In the midst of this pandemic, there are few parables more powerful than the parable of Samaritan’s Purse in Manhattan. As you know, the evangelical Christian ministry headed by Franklin Graham had set up an emergency field hospital in cooperation with New York’s vast Mount Sinai Medical Center. Eventually, it set up another emergency field hospital near Central Park and it was announced that it was going to also create an emergency field hospital within New York’s Episcopalian Cathedral Church of St. John, the Divine. That didn’t happen.

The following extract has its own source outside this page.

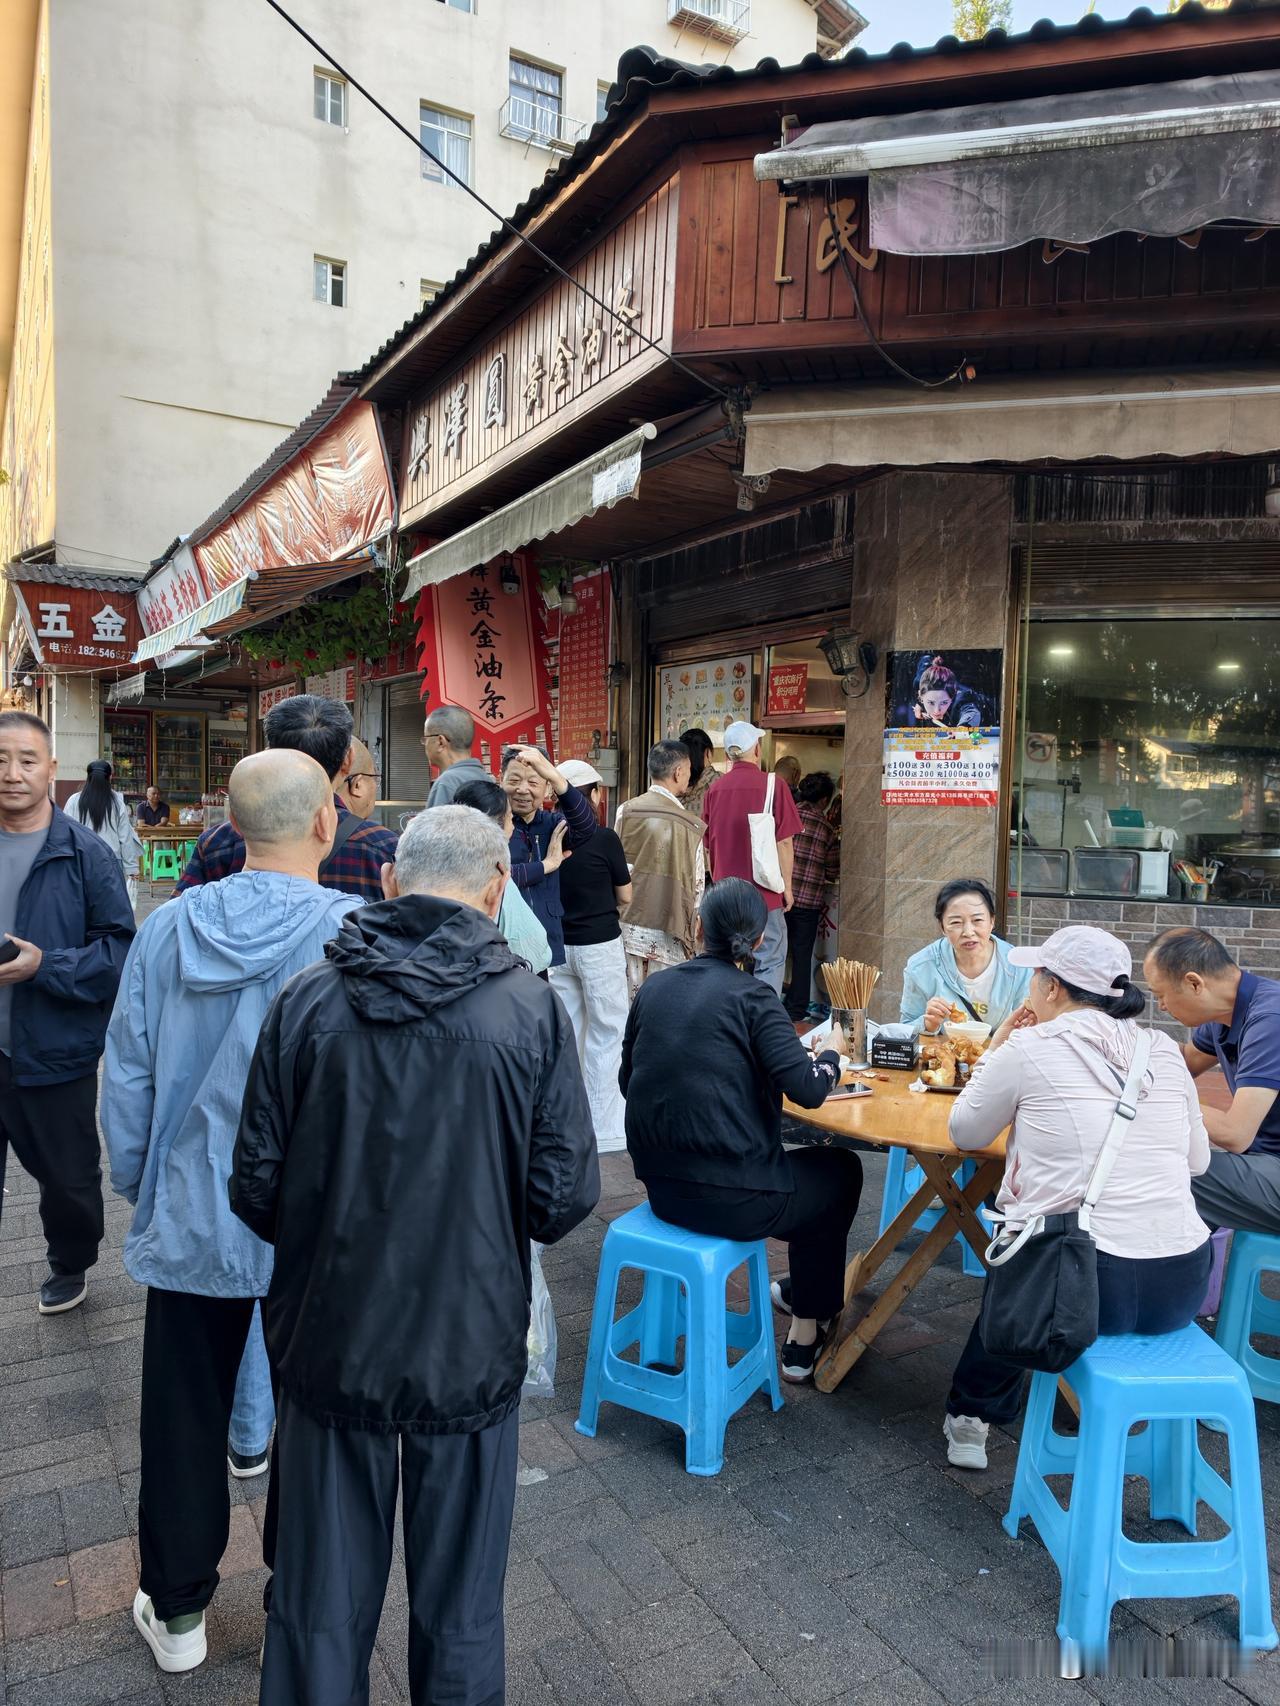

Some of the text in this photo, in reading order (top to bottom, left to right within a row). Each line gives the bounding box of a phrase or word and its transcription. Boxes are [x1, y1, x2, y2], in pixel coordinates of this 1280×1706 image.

[37, 602, 127, 642] 五金
[922, 752, 955, 760] 充值福利

It was a huge story, we talked about it on The Briefing. It didn’t happen largely because of the evangelical Christian convictions of Samaritan’s Purse, particularly when those convictions ran into conflict with the LGBTQ revolution.

If anything, the controversy actually picked up steam in recent days with a statement most importantly made by speaker Cory Johnson of the New York City Council. The council speaker said, “This group,” meaning Samaritan’s Purse, “which is led by the notoriously bigoted hate spewing, Franklin Graham, came at a time when our city couldn’t in good conscience turn away any offer of help. That time has passed,” he said last Friday. “Their continued presence here is an affront to our values of inclusion and is painful for all New Yorkers who care deeply about the LGBTQ community.”

Let’s just step back and look at what we are witnessing here. As I said, it’s a parable, a very powerful parable. Samaritan’s Purse, of course, was founded some years ago by Franklin Graham, the son of the late evangelist, Billy Graham, and it has been about doing good works ever since. It has offered assistance in times of poverty, in times of famine, natural disaster, and yes, in the midst of a pandemic.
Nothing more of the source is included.